Archive for July, 2007

Baby Pop Art

Tuesday, July 31st, 2007

Only a bored mother would make her child into a art project. I am one bored mother. Check out my attempt at Zachary Warhol art.

Only a mother would think her child could inspire Andy Warhol.

zachwarhol.jpg

Do not thwart my minimalism!

Tuesday, July 31st, 2007

Do you remember your first birthday? Neither do I. But for some reason first birthday parties can be the biggest, most-over-the top occasions in a child’s life. All for a day they will never remember.

I thought we’d just have a family event for my son’s birthday. That includes some family, a few close friends, cake and beverages. For me, big parties give me a headache.

This is unlike my mother-in-law who loves to throw large gatherings and has napkins, plates, and special dishes for about every special occasion on the calendar. Did you know they make special plates for smoked salmon and asparagus? Oh, yes. She has them. But to her credit, her gatherings are very classy and would put Martha Stewart to shame. She rocks at throwing bridal showers: blue ribbon all the way.

I, on the other hand, think chips and salsa are good appetizers.

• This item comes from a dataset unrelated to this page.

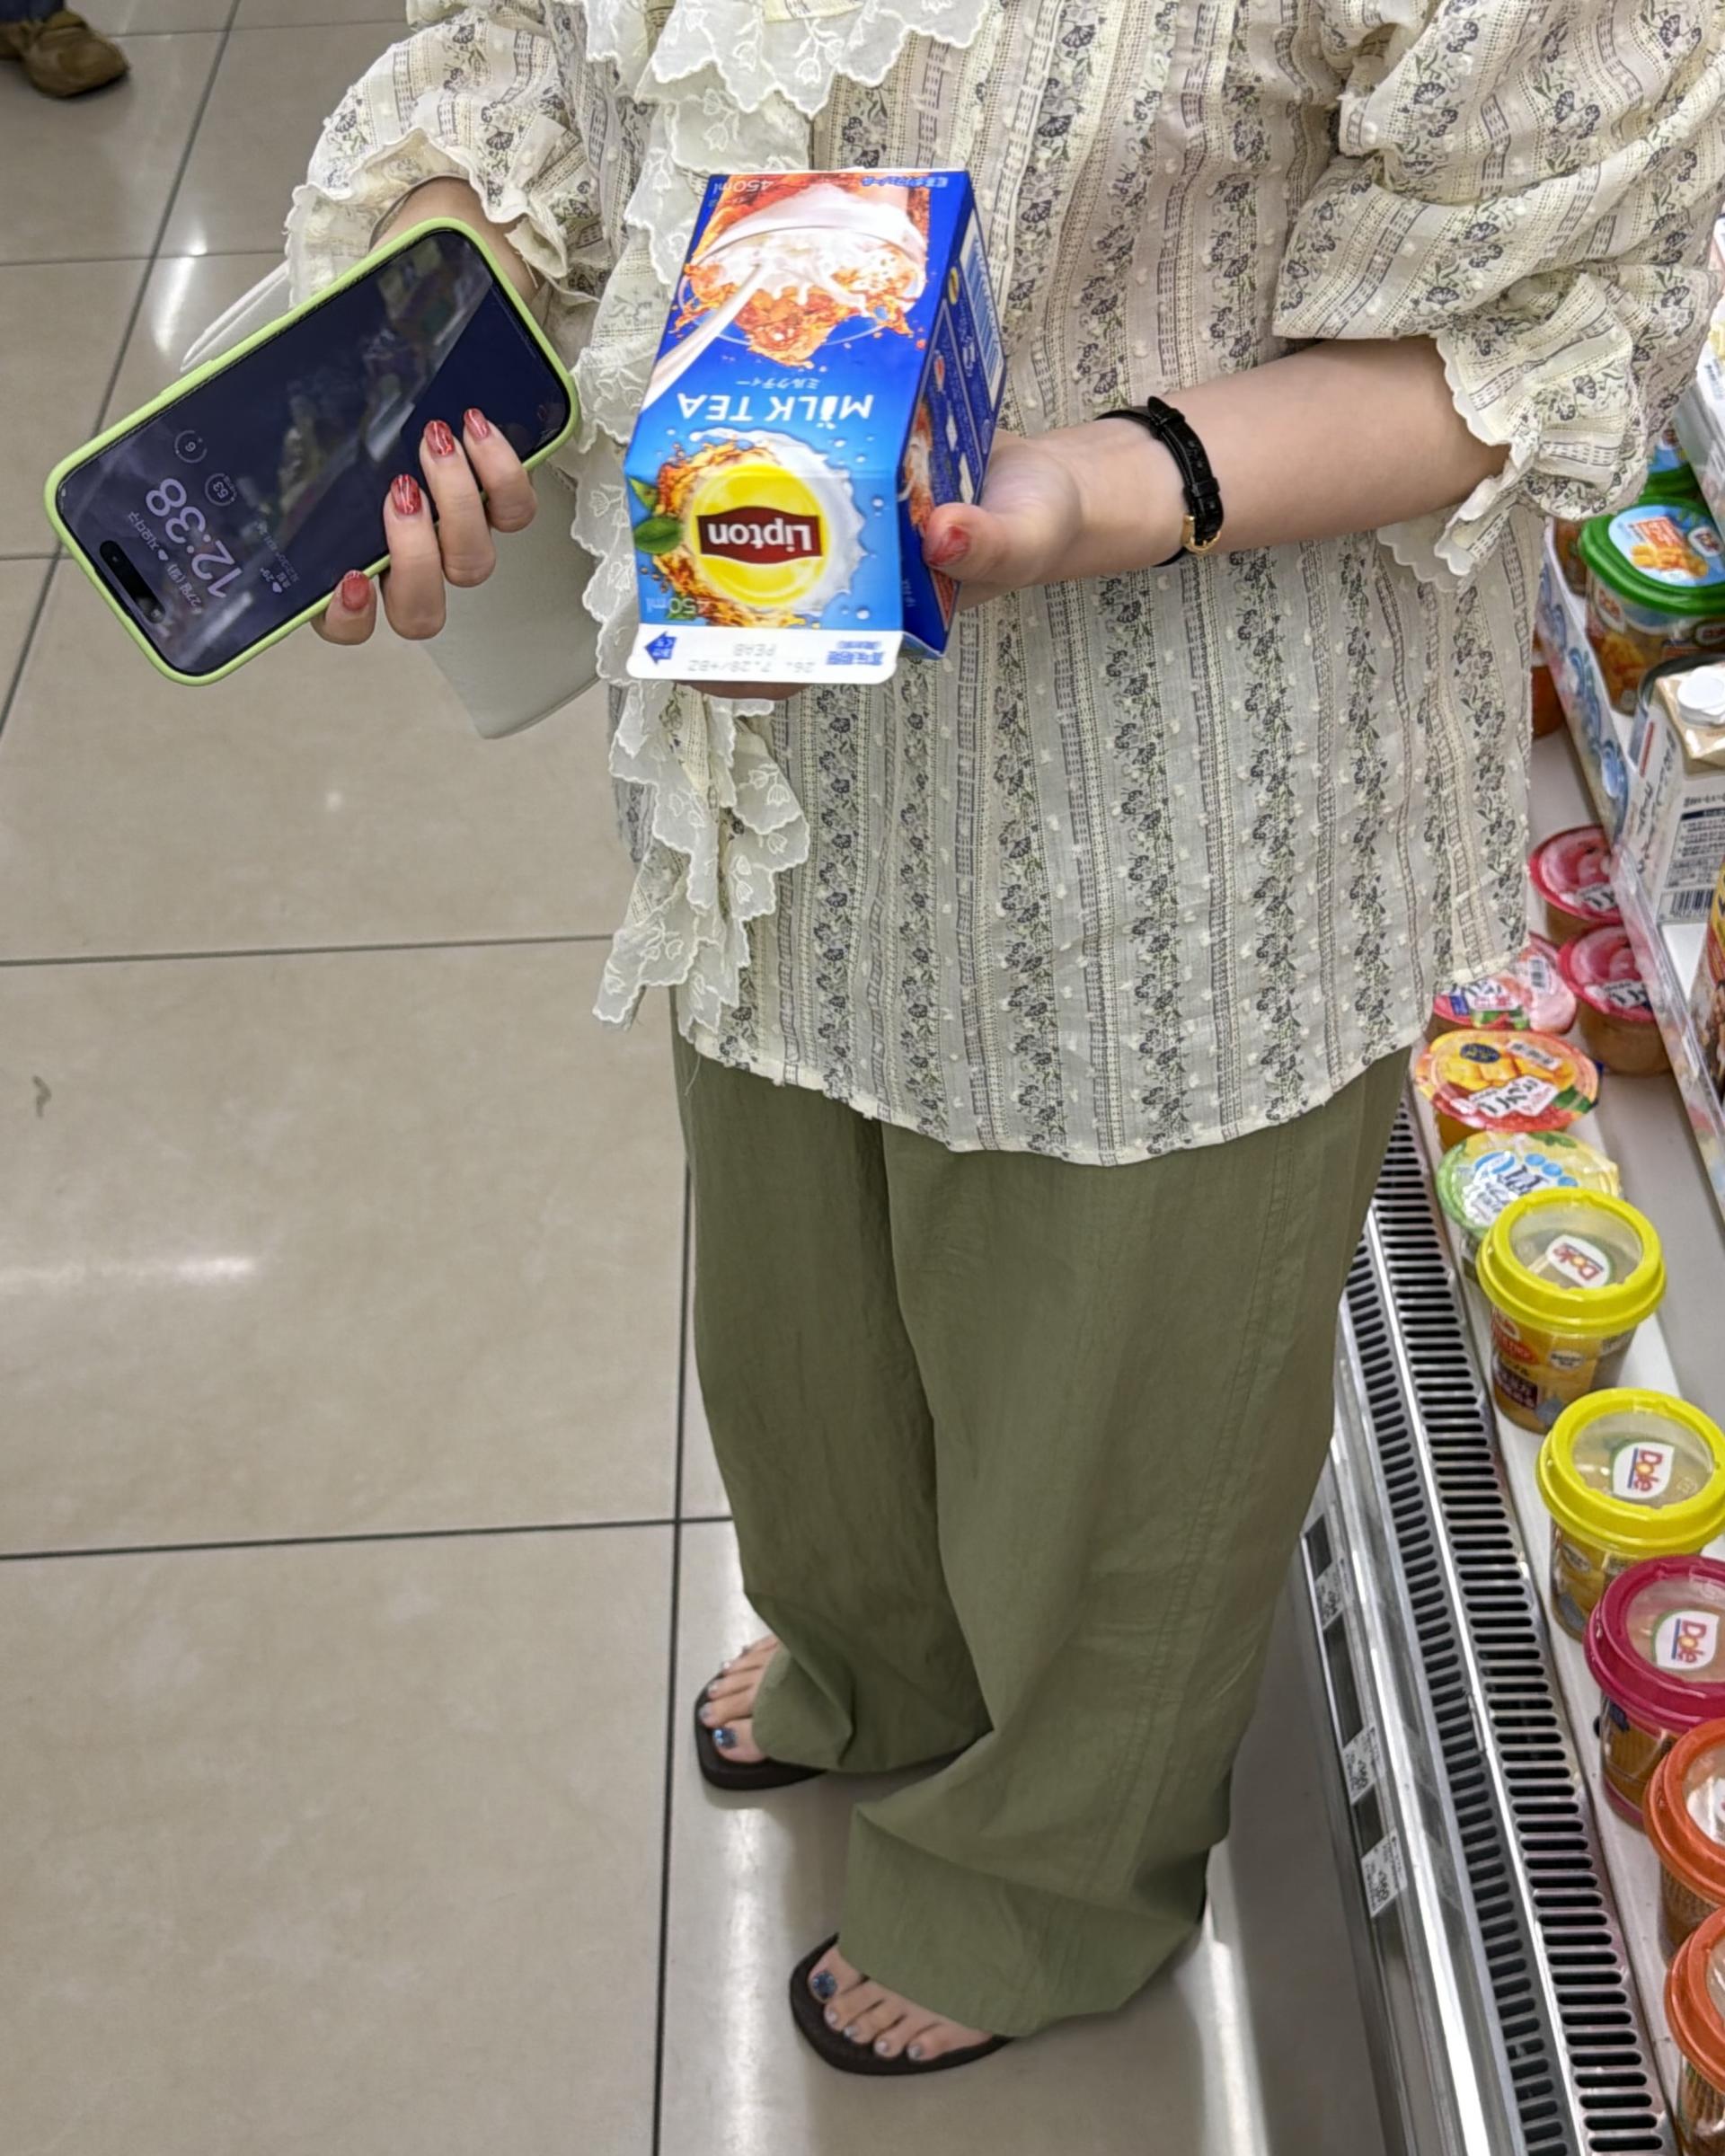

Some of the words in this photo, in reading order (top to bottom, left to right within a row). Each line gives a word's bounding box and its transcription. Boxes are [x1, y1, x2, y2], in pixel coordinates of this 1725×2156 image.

At the last party I hosted the food options were brats or brats and we ran out at the party’s half-way point. I sent the birthday boy and his out-of-town guest out to fetch more. I’m not even Rachel Ray. Although, to my credit, I don’t claim I invented the recipe for Lil’ Smokey’s and BBQ (…Ms. Ray).

My son’s first birthday will involve 16 people, one large Cold Stone Creamery ice cream cake, lemonade and home video entertainment. That’s it. My invite was constructed in Photoshop and emailed to my guest five days (yes, only five days) before the event. Call me a slacker. I prefer the term: minimalist.

Evite

My guys

Monday, July 30th, 2007

My boys

Above (Mark and Zach in happier times: ie, pre-molar.)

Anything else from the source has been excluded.